The Experimental Evidence in Support of Glycosylation Mechanisms at the S1-S2 Interface.

机构信息

Department of Chemistry , Wayne State University , 5101 Cass Avenue , Detroit , Michigan 48202 , United States.

Institut de Chimie des Substances Naturelles, CNRS UPR 2301 , Université Paris-Sud Université Paris-Saclay , 1 avenue de la Terrasse , 91198 Gif-sur-Yvette , France.

出版信息

Chem Rev. 2018 Sep 12;118(17):8242-8284. doi: 10.1021/acs.chemrev.8b00083. Epub 2018 May 30.

DOI:10.1021/acs.chemrev.8b00083
PMID:29846062
原文链接:https://pmc.ncbi.nlm.nih.gov/articles/PMC6135681/
Abstract

A critical review of the state-of-the-art evidence in support of the mechanisms of glycosylation reactions is provided.
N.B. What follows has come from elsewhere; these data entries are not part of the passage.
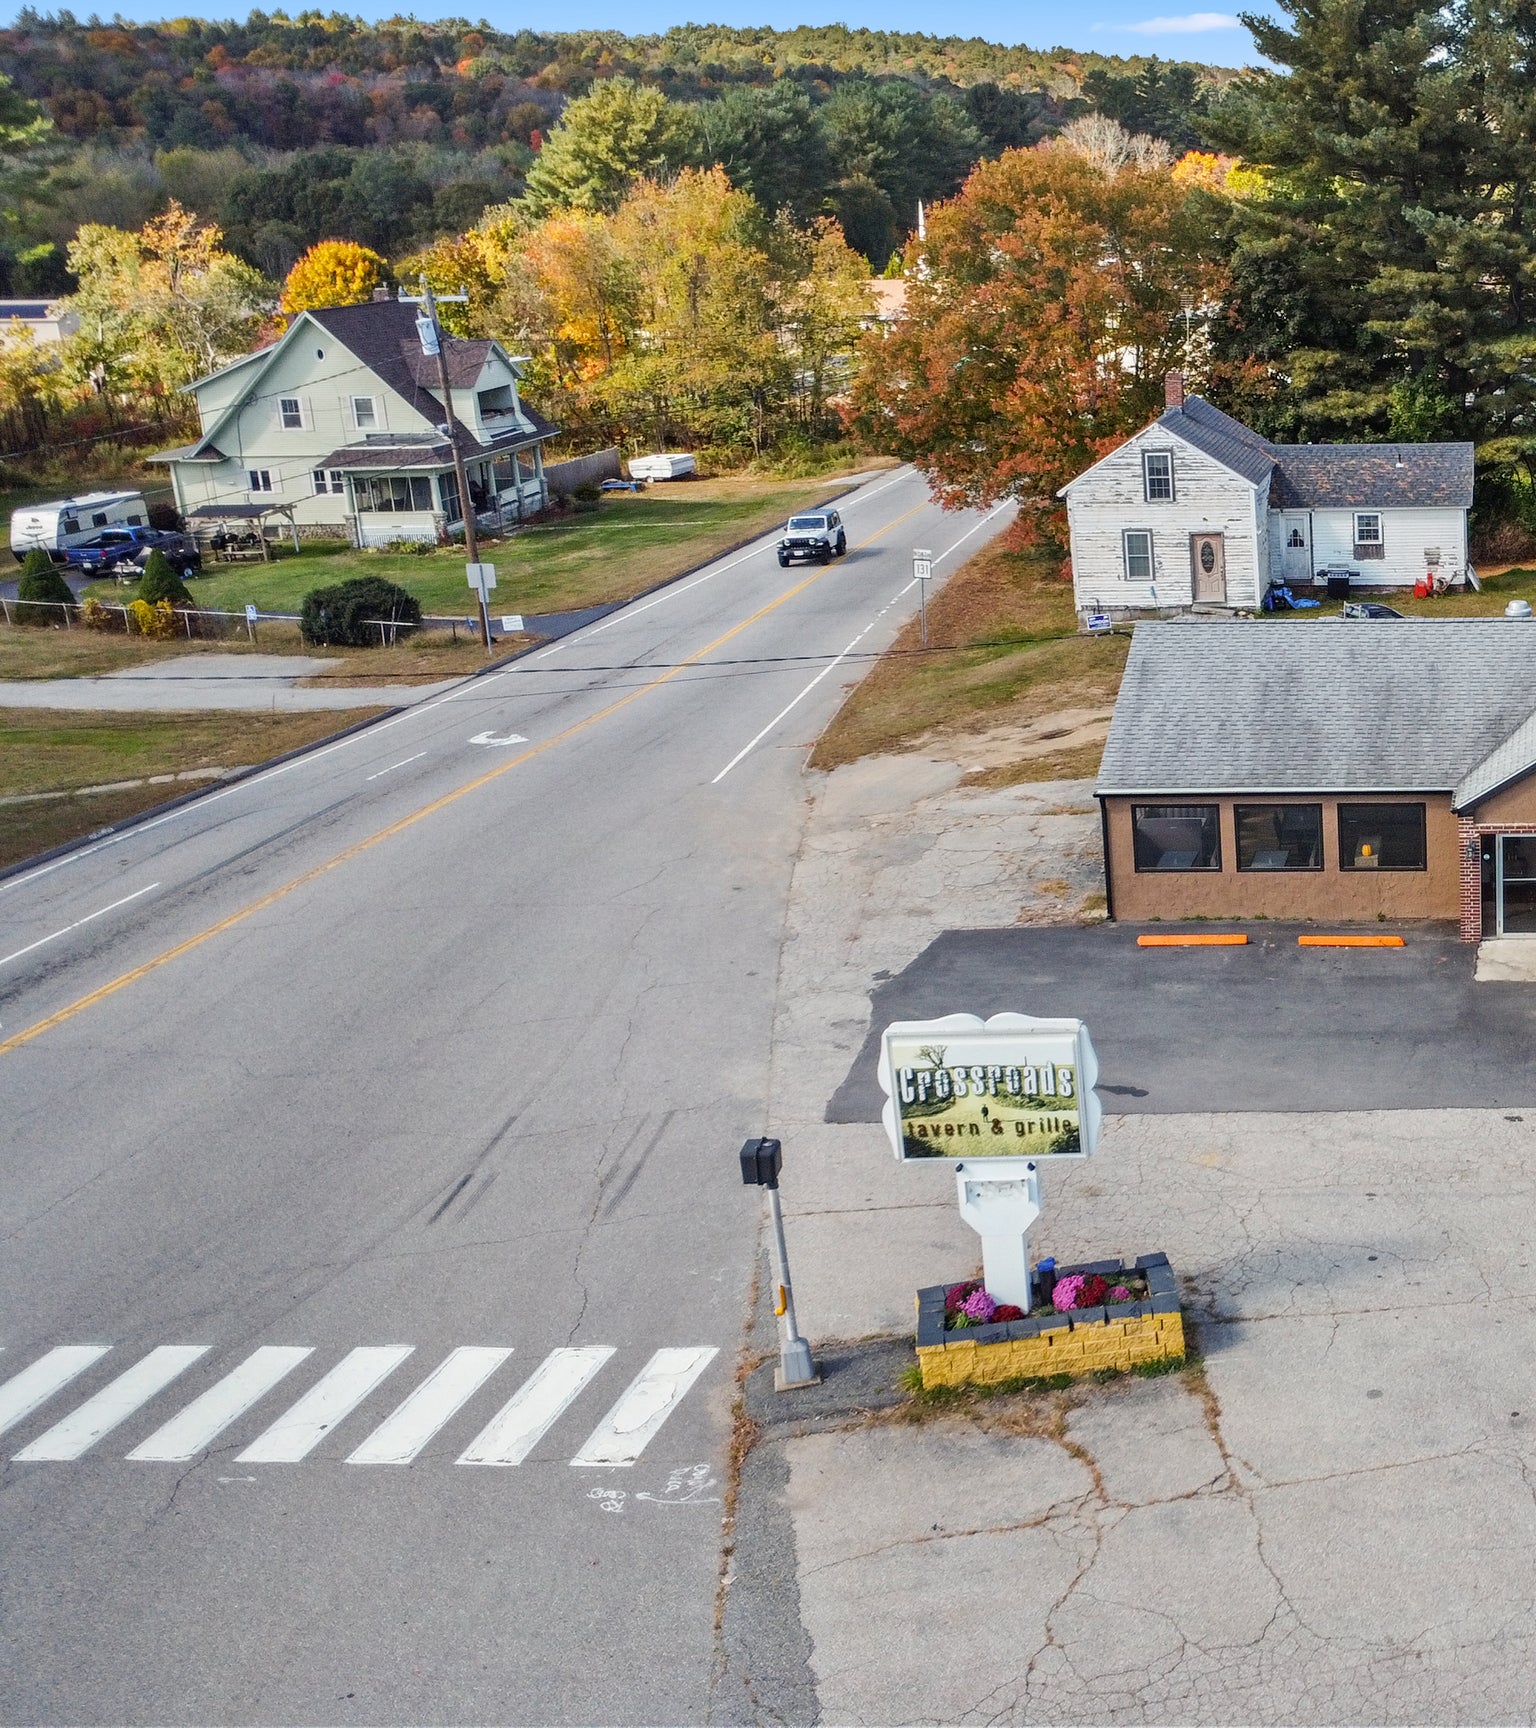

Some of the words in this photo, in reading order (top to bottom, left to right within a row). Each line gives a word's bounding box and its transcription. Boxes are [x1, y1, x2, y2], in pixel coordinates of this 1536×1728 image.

[916, 563, 929, 575] 131
[899, 1061, 1074, 1104] Crossroads
[907, 1121, 980, 1138] tavern
[991, 1118, 1004, 1136] &
[1015, 1117, 1072, 1137] grille
Factors affecting the stability of putative oxocarbenium ions as intermediates at the S1 end of the mechanistic continuum are first surveyed before the evidence, spectroscopic and indirect, for the existence of such species on the time scale of glycosylation reactions is presented. Current models for diastereoselectivity in nucleophilic attack on oxocarbenium ions are then described. Evidence in support of the intermediacy of activated covalent glycosyl donors is reviewed, before the influences of the structure of the nucleophile, of the solvent, of temperature, and of donor-acceptor hydrogen bonding on the mechanism of glycosylation reactions are surveyed. Studies on the kinetics of glycosylation reactions and the use of kinetic isotope effects for the determination of transition-state structure are presented, before computational models are finally surveyed. The review concludes with a critical appraisal of the state of the art.

摘要

提供了对支持糖基化反应机制的最新证据的批判性回顾。在提出糖基化反应时间尺度上存在此类物种的证据(包括光谱和间接证据)之前,首先调查了影响假定的 S1 机制连续体中羰正离子中间体稳定性的因素。然后描述了亲核进攻羰正离子的非对映选择性的当前模型。在综述支持激活共价糖基供体中间体的证据之前,调查了亲核试剂的结构、溶剂、温度以及供体-受体氢键对糖基化反应机制的影响。介绍了糖基化反应动力学的研究以及动力学同位素效应在确定过渡态结构中的应用,然后对计算模型进行了综述。最后对该领域的现状进行了批判性评估。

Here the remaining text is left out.